A pior coisa do mundo
é a pessoa não ter coragem na vida.” Pincei essa frase do relato de uma moça
chamada Florescelia, nascida no Ceará e que passou (e vem passando) poucas e
boas: a morte da mãe quando tinha dois anos, uma madrasta cruel, uma gravidez
prematura, a perda do único homem que amou, uma vida sem porto fixo, sem
emprego fixo, mas sonhos diversos, que lhe servem de sustentação.
Ela segue em frente
porque tem o combustível que necessitamos para trilhar o longo caminho desde o
nascimento até a morte. Coragem.
Quando eu era pequena,
achava que coragem era o sentimento que designava o ímpeto de fazer coisas
perigosas, e por perigoso eu entendia, por exemplo, andar de tobogã, aquela
rampa alta e ondulada em que a gente descia sentada sobre um saco de algodão ou
coisa parecida.
Por volta dos nove
anos, decidi descer o tobogã, mas na hora H, amarelei. Faltou coragem. Assim
como faltou também no dia em que meus pais resolveram ir até a Ilha dos Lobos,
em Torres, num barco de pescador. No momento de subir no barco, desisti. Foram
meu pai, minha mãe, meu irmão, e eu retornei sozinha, caminhando pela praia,
até a casa da vó.
Muita coragem me
faltou na infância: até para colar durante as provas eu ficava nervosa. Mentir
para pai e mãe, nem pensar. Ir de bicicleta até ruas muito distantes de casa,
não me atrevia. Travada desse jeito, desconfiava que meu futuro seria bem
diferente do das minhas amigas.
Até que cresci e segui
medrosa para andar de helicóptero, escalar vulcões, descer corredeiras d’água.

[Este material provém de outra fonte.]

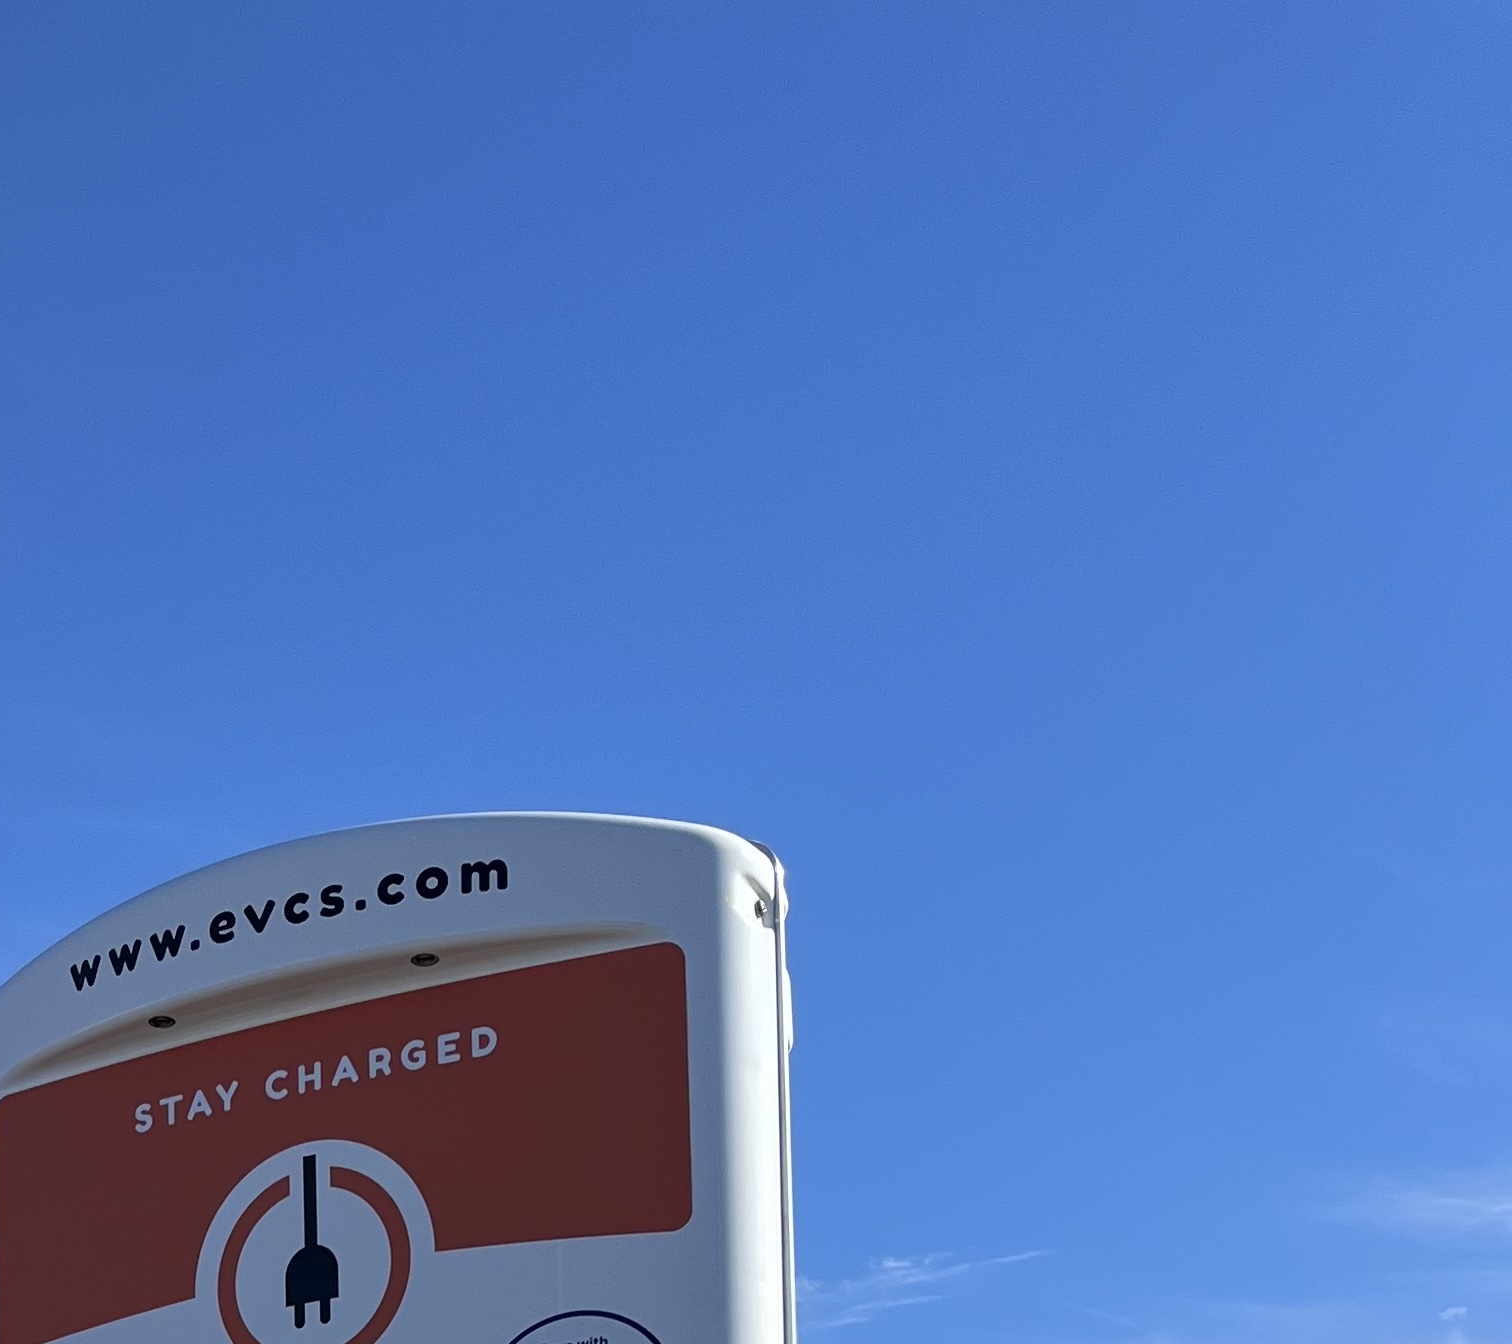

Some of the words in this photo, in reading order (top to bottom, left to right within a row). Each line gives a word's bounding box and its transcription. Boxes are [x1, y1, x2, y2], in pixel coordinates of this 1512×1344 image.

[69, 858, 509, 992] www.evcs.com
[134, 1079, 239, 1134] STAY
[264, 1025, 499, 1101] CHARGED

No entanto, aos poucos fui descobrindo que mais importante do que ter coragem
para aventuras de fim de semana, era ter coragem para aventuras mais
definitivas, como a de mudar o rumo da minha vida se preciso fosse. Enfrentar
helicópteros, vulcões, corredeiras e tobogãs exige apenas que tenhamos um bom
relacionamento com a adrenalina.
Coragem, mesmo, é
preciso para terminar um relacionamento, trocar de profissão, abandonar um país
que não atende nossos anseios, dizer não para propostas lucrativas porém
vampirescas, optar por um caminho diferente do da boiada, confiar mais na
intuição do que em estatísticas, arriscar-se a decepções para conhecer o que
existe do outro lado da vida convencional. E, principalmente, coragem para
enfrentar a própria solidão e descobrir o quanto ela fortalece o ser
humano.
Não subi no barco
quando criança – e não gosto de barcos até hoje. Vi minha família sair em
expedição pelo mar e voltei sozinha pela praia, uma criança ainda, caminhando
em meio ao povo, acreditando que era medrosa. Mas o que parecia medo era a
coragem me dando as boas-vindas, me acompanhando naquele recuo solitário,
quando aprendi que toda escolha requer ousadia.
Crônica de Martha Medeiros publicada no jornal Zero Hora.